On Sat, Aug 17, 2024 at 3:05 PM Steffen Nurpmeso <[email protected]> wrote:

> Since then myriads of possibilities have been added to generate
> "more identification value" of an email's source, even "over the
> corner", and what not.
>

Myriads?  Which ones are those?


>  |indirect mail flows.  I think you'd need to address those as well.  Do
> you
>  |have something in mind?
>
> I must admit i currently do not know what you are talking about.
>

You said you've read RFC 6377, so I think you probably do because it lays
out the problem I'm talking about.


> If a message has been altered, all bets are off.
> This is a tremendous failure of the IETF and those giants which do
> it the way they do it.
>

I can't follow this line of argument.


> In my humble opinion the solution is
>
> - announce this change in the DKIM signature via a new, backward-
>   compatible flag
>

I don't understand this flag.  What information is this giving to end
users?  Will they understand it?  Why should they trust it?

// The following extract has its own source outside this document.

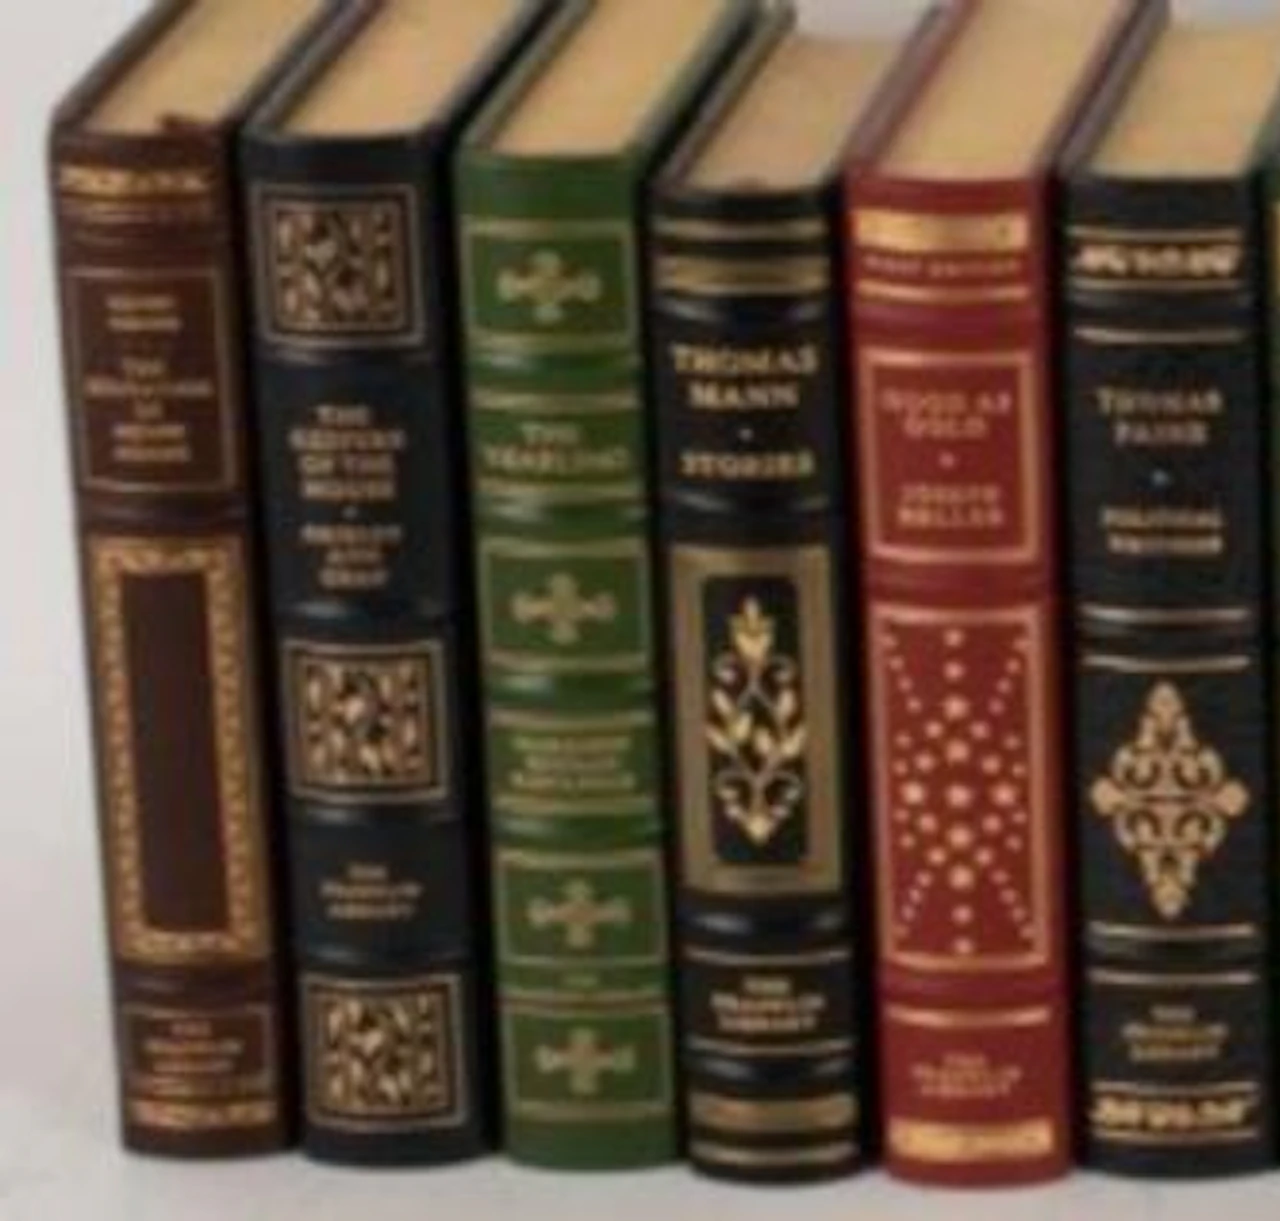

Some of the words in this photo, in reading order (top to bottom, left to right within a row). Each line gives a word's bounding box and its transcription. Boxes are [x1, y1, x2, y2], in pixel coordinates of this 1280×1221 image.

If you hand the spam community a trusted way to say "please forgive the
fact that this message does not bear a valid author domain signature", I
assure you they will use it.

We have already tinkered with the idea of augmenting DKIM in some way to
indicate "these mutations were made to the message; if you undo them, you
may recover the author domain signature".  My recollection is that the
community feels like this approach is too fragile, or too hard to make
comprehensive; there are too many possible mutations for this approach to
work universally or to be sufficiently robust.


> No.  If you have to alter the message, flag that this has
> happened, and user interfaces need to be changed over time so that
> users are given possibilities to white/allow-list some specific
> party which does that, like a mailing-list.
>

Relying on users to edit some kind of allow list is prone to error.  Users
will forget to do it, and then complain.  Users will complain that they
have to go through an extra step at all.  Users will unsubscribe, but
forget to clean this up, possibly exposing themselves to attacks.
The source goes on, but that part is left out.